WHAT TO WORK ON - Restate the following data in its entirety, word for word and without images.

GIVEN INFORMATION -

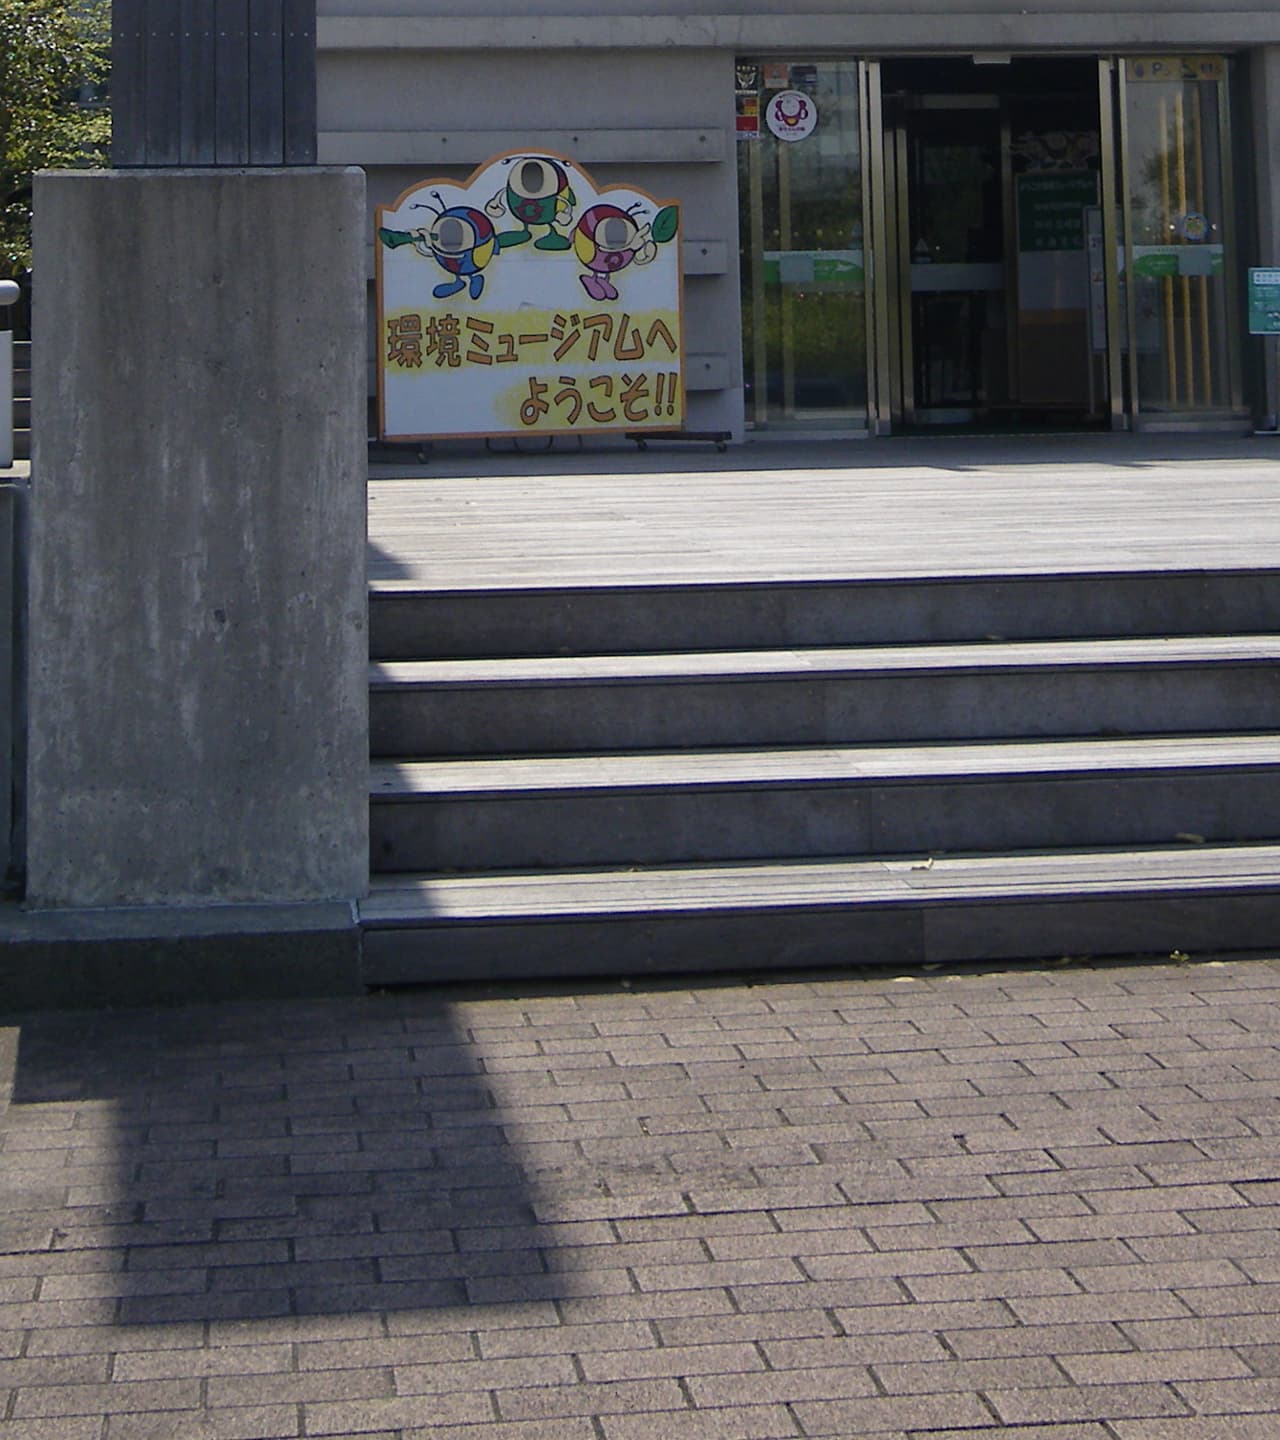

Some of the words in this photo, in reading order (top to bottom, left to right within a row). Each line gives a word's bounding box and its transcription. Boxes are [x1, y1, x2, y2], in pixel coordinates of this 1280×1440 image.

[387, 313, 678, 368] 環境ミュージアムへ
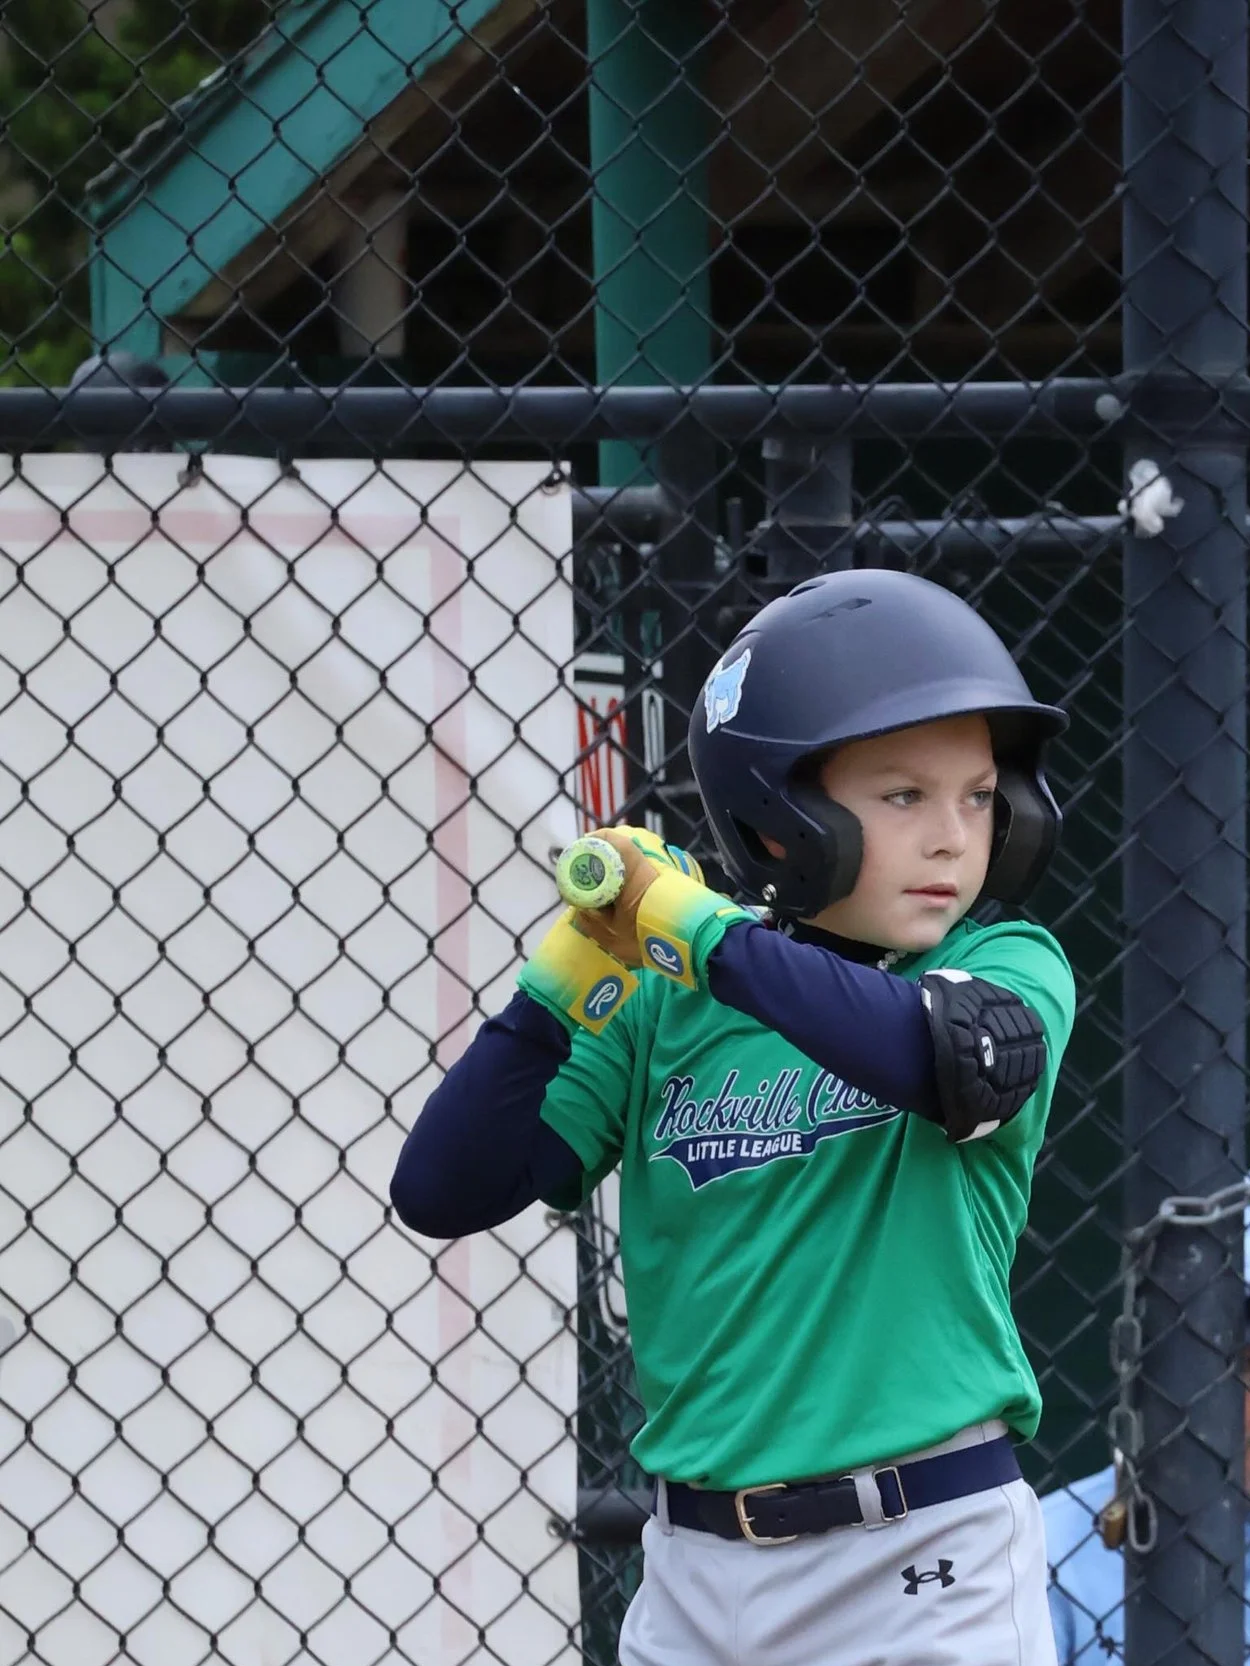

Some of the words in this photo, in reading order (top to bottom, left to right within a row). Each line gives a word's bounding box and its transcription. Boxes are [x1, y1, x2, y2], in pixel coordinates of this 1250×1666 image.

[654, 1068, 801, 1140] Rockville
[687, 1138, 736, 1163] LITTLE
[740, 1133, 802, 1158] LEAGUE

ANSWER BOX -
Some of the words in this photo, in reading order (top to bottom, left to right within a row). Each line gives a word's bounding box and its transcription. Boxes are [x1, y1, x2, y2], in pixel coordinates of this 1280×1440 image.

[387, 313, 678, 368] 環境ミュージアムへ

Some of the words in this photo, in reading order (top to bottom, left to right within a row). Each line gives a word's bounding box and its transcription. Boxes are [x1, y1, x2, y2], in pixel coordinates of this 1250×1666 image.

[654, 1068, 801, 1140] Rockville
[687, 1138, 736, 1163] LITTLE
[740, 1133, 802, 1158] LEAGUE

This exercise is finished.